Bild: Antennen, noch ohne polizeilichen Auftrag gebündelt.
HANNOVER taz | Das geplante Abhörzentrum aller fünf norddeutschen
Bundesländer weckt massive Bedenken bei Datenschützern und
Oppositionspolitikern. „Es geht um hochsensibele Telekommunikationsdaten“,
warnte Schleswig-Holsteins Datenschutzbeauftragter Thilo Weichert gegenüber
der taz.
Trotzdem sei bis heute unklar, wer genau künftig welche Informationen
erheben darf und wie diese verschlüsselt werden sollen, sagt Weichert, der
die Schaffung der Lauschzentrale federführend für die Datenschutzbehörden
der Bundesländer Hamburg, Bremen, Niedersachsen, Schleswig-Holstein und
Mecklenburg-Vorpommern beobachtet.
## Gebündelte Fähigkeiten
Anfang der Woche war bekannt geworden, dass das „Rechen- und
Dienstleistungszentrum Telekommunikationsüberwachung Nord“ in Hannover
angesiedelt werden soll. Angedockt an das Landeskriminalamt (LKA)

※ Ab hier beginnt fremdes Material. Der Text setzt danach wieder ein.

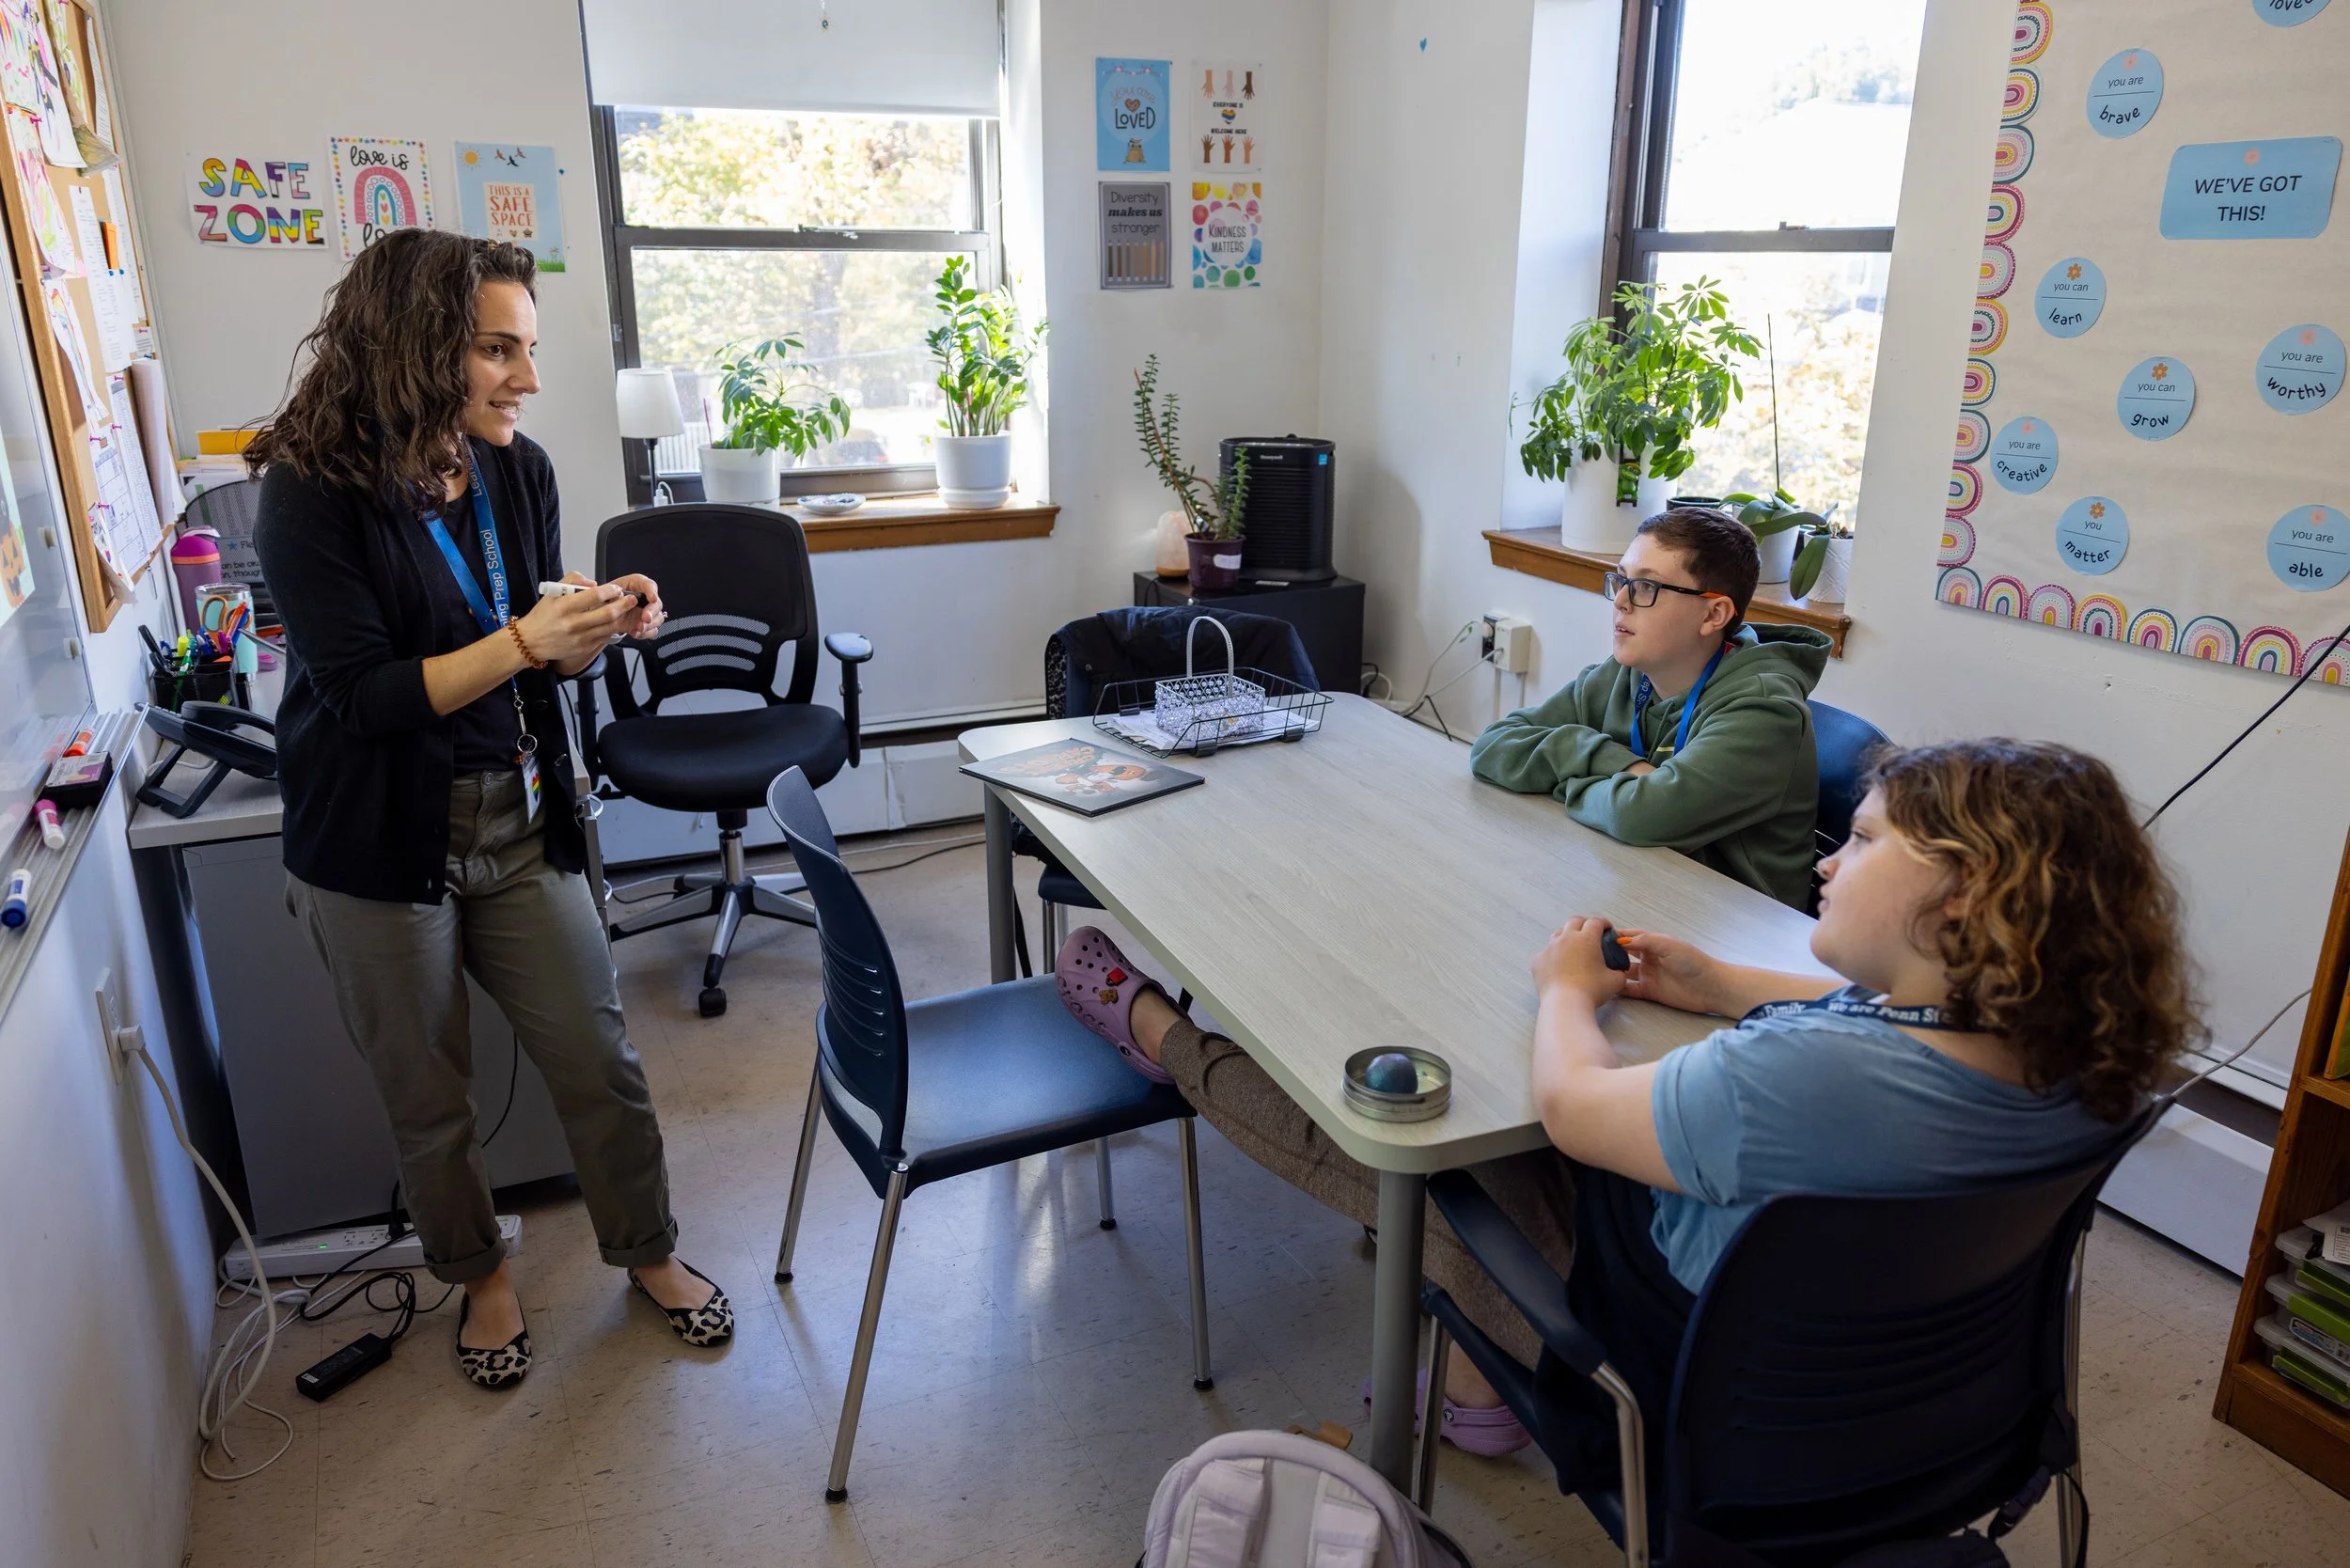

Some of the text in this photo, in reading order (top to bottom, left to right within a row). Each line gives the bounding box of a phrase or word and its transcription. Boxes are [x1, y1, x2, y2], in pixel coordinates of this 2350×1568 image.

[2269, 0, 2312, 10] ove
[2107, 75, 2144, 88] you are
[1115, 106, 1156, 130] LOVED
[2099, 105, 2140, 125] brave
[351, 146, 410, 170] love is
[198, 157, 310, 200] SAFE
[2260, 175, 2302, 193] GOT
[489, 184, 510, 196] THIS
[513, 187, 522, 196] IS
[490, 196, 534, 212] SAFE
[1110, 191, 1159, 206] Diversity
[491, 212, 534, 227] SPACE
[1108, 207, 1148, 216] makes
[2217, 205, 2265, 223] THIS!
[194, 203, 325, 244] ZONE
[1111, 222, 1159, 235] stronger
[363, 222, 385, 248] lo
[1212, 239, 1244, 253] MATTERS
[2053, 282, 2089, 294] you can
[2049, 307, 2082, 325] learn
[2281, 350, 2324, 364] you are
[2138, 383, 2175, 394] you can
[2266, 376, 2326, 401] worthy
[2130, 413, 2170, 428] grow
[2008, 440, 2025, 451] you
[1997, 460, 2047, 481] creative
[2084, 520, 2102, 530] you
[2291, 529, 2334, 543] you are
[480, 529, 498, 570] School
[2064, 541, 2110, 563] matter
[2288, 562, 2324, 578] able
[493, 572, 505, 601] Prep
[498, 603, 509, 627] ning
[1641, 680, 1650, 692] rep
[1849, 1004, 1876, 1014] are
[1877, 1006, 1920, 1022] Penn

Niedersachsen soll es dort voraussichtlich 2020 seine Arbeit aufnehmen.
Die Innenminister der norddeutschen Bundesländer setzen dabei offenbar auf
eine Bündelung der technischen Fähigkeiten – möglich wäre damit nicht nur
eine noch umfassendere Überwachung, sondern auch Kosteneinsparungen.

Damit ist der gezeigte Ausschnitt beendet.